Stored records
──────────

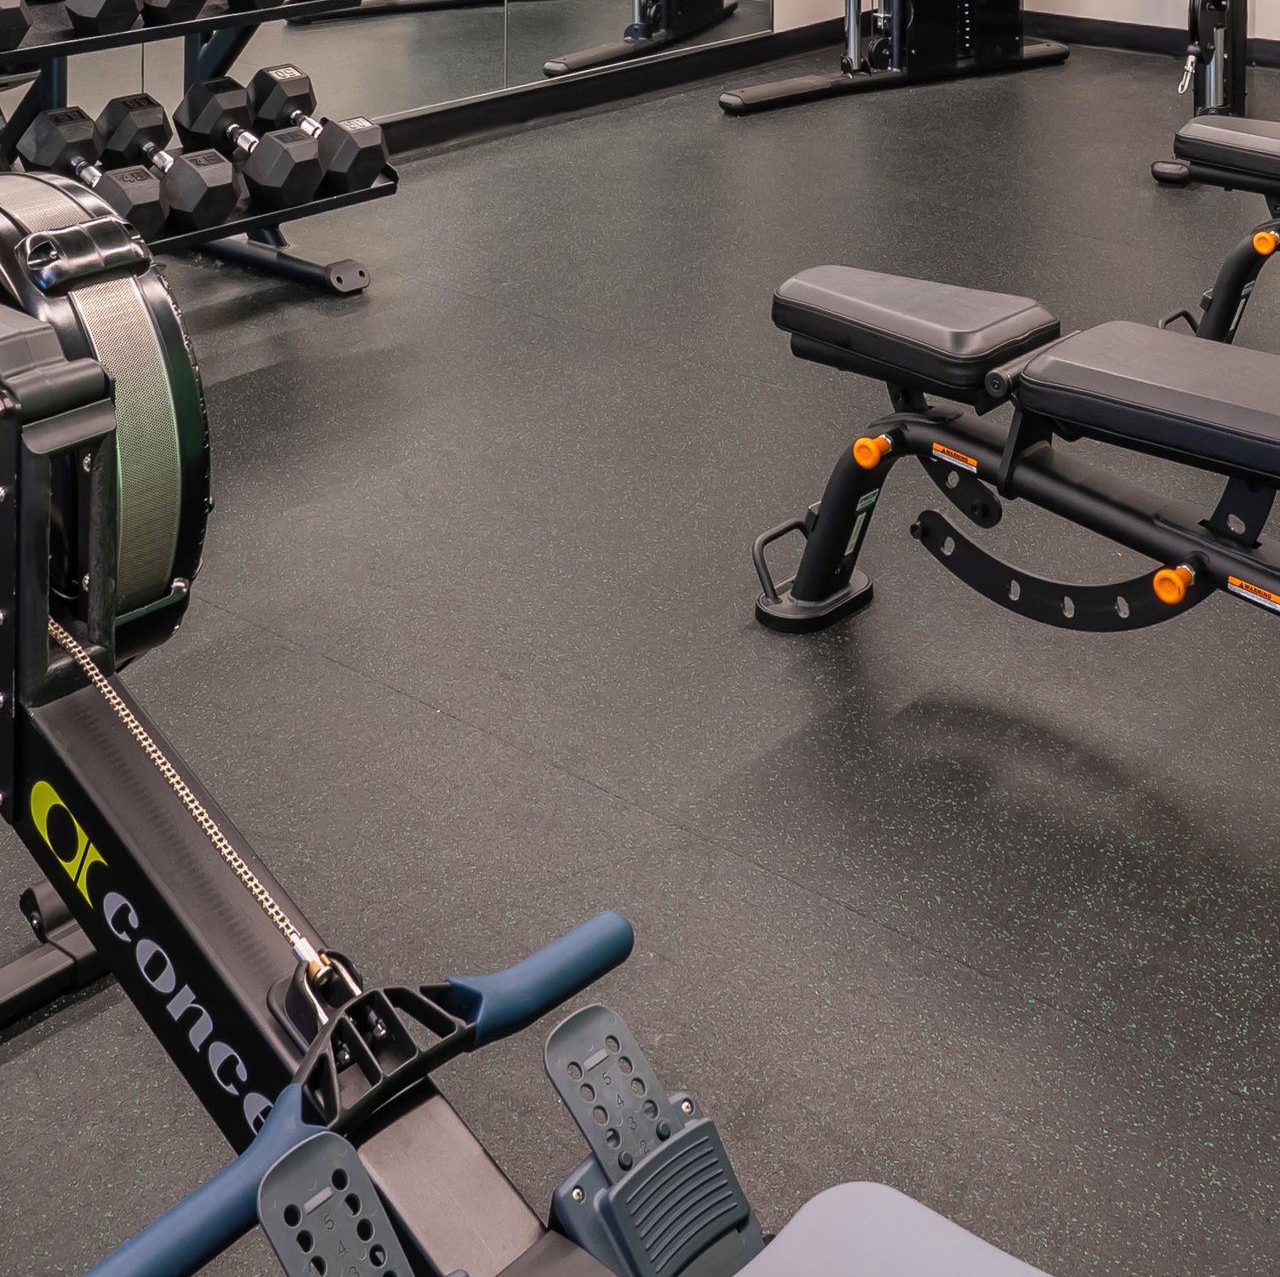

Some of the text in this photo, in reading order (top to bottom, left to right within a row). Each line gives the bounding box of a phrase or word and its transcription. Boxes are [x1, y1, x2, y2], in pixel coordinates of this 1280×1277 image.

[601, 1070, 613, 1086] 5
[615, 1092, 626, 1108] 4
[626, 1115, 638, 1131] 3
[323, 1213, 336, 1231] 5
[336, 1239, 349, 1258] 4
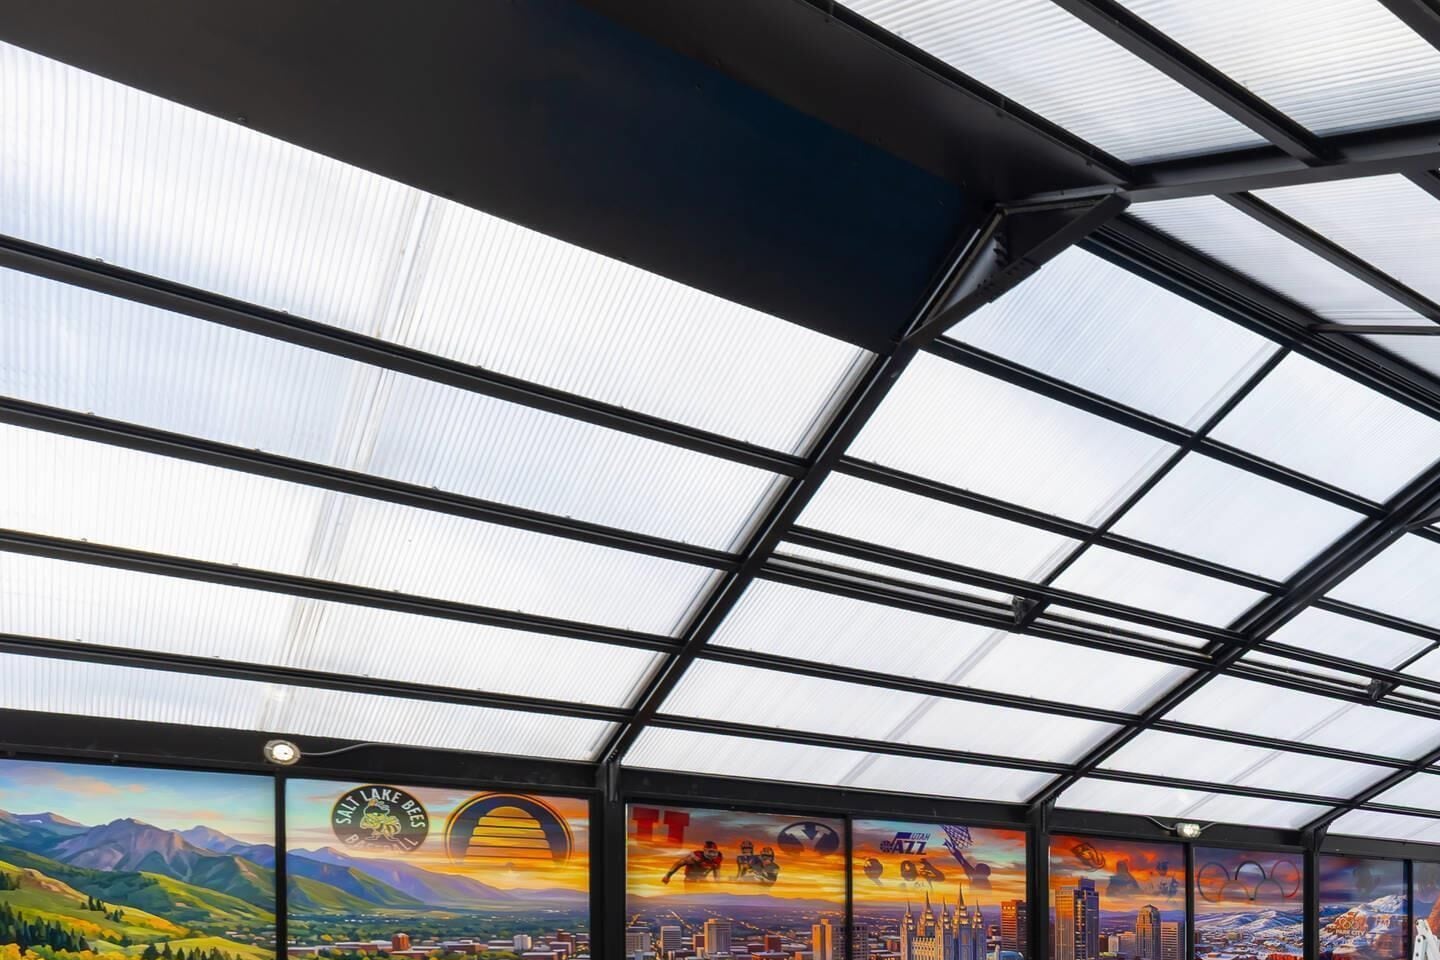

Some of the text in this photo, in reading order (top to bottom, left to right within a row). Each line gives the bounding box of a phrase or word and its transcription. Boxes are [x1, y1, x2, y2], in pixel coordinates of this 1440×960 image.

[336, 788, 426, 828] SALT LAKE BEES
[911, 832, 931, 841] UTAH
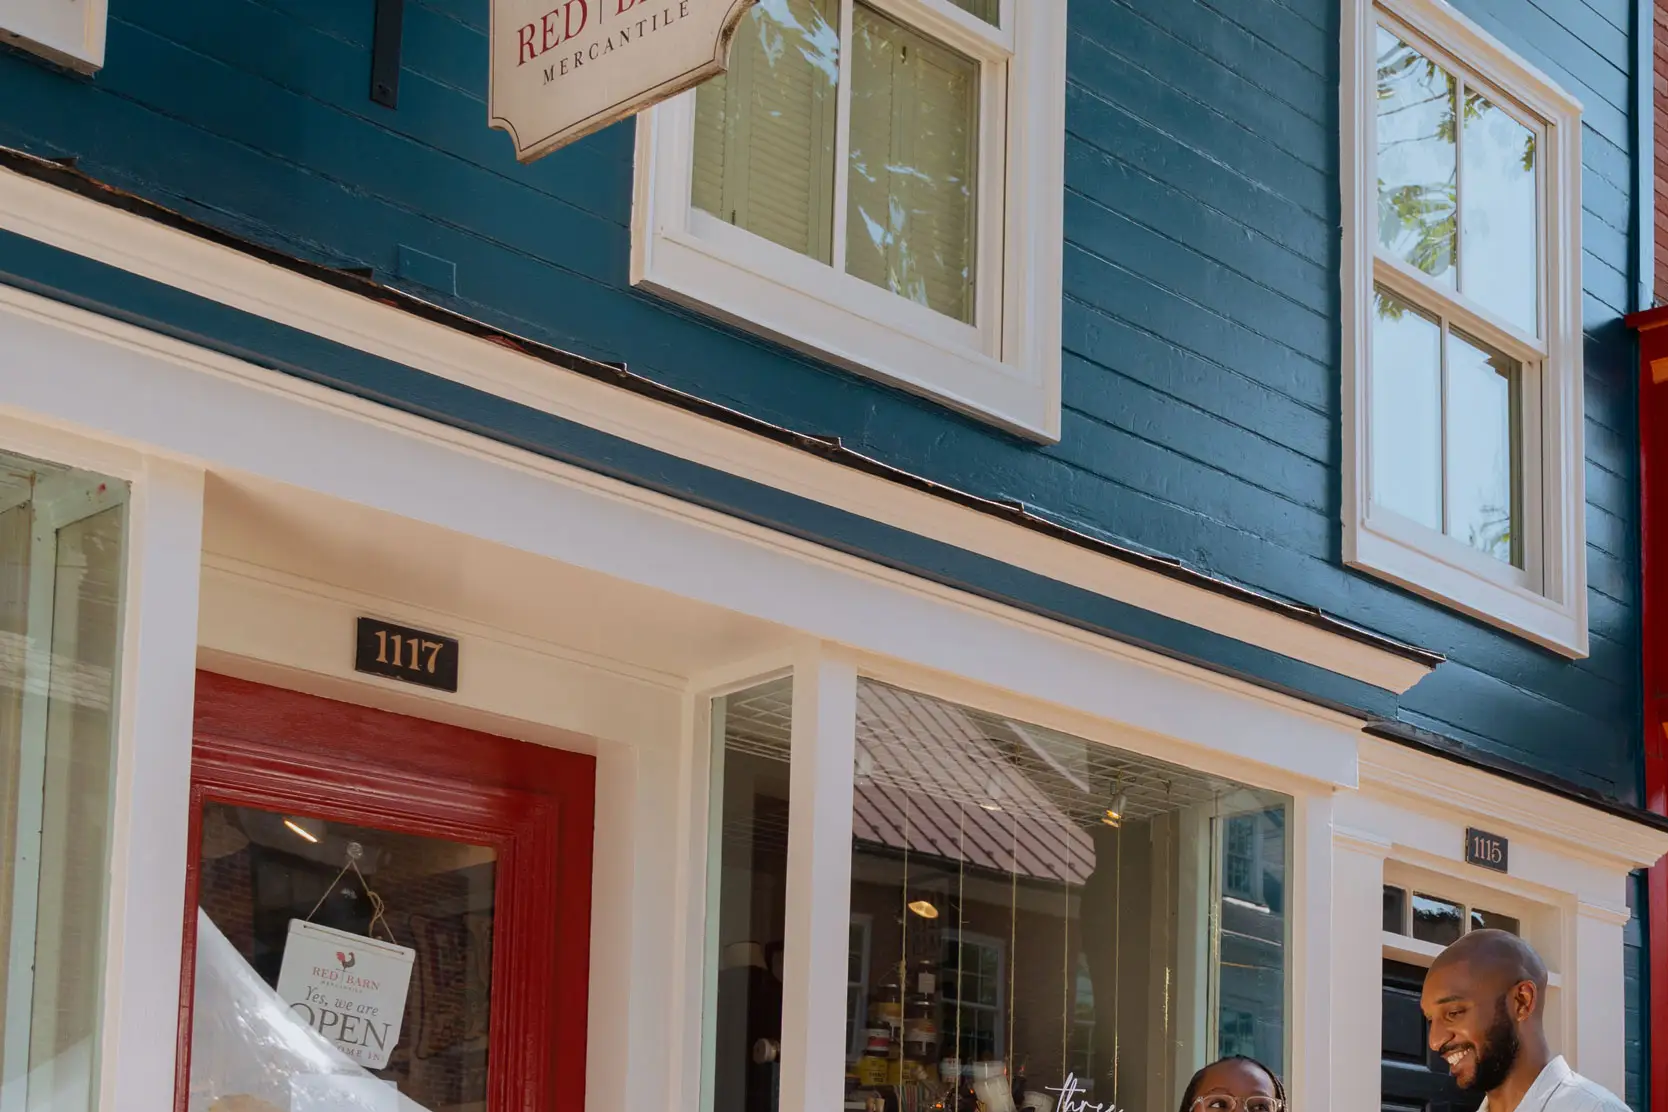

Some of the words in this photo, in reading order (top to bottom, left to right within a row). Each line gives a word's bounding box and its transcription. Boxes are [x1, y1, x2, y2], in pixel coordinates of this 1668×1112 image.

──────────

■ TASK INSTRUCTIONS
Only the pictures are to be excluded; all other parts of the records above are to be given exactly.

■ RESPONSE TO THE EXERCISE
Some of the text in this photo, in reading order (top to bottom, left to right within a row). Each line gives the bounding box of a phrase or word and its transcription. Boxes are [x1, y1, x2, y2], in pixel coordinates of this 1280×1277 image.

[601, 1070, 613, 1086] 5
[615, 1092, 626, 1108] 4
[626, 1115, 638, 1131] 3
[323, 1213, 336, 1231] 5
[336, 1239, 349, 1258] 4

Some of the text in this photo, in reading order (top to bottom, left to right within a row). Each line gives the bounding box of a phrase or word and its transcription. Boxes are [x1, y1, x2, y2], in pixel coordinates of this 1440×960 image.

[336, 788, 426, 828] SALT LAKE BEES
[911, 832, 931, 841] UTAH

Some of the words in this photo, in reading order (top to bottom, left to right within a row). Each line gives a word's bounding box and its transcription. Boxes are [x1, y1, x2, y2], in pixel coordinates of this 1668×1112 image.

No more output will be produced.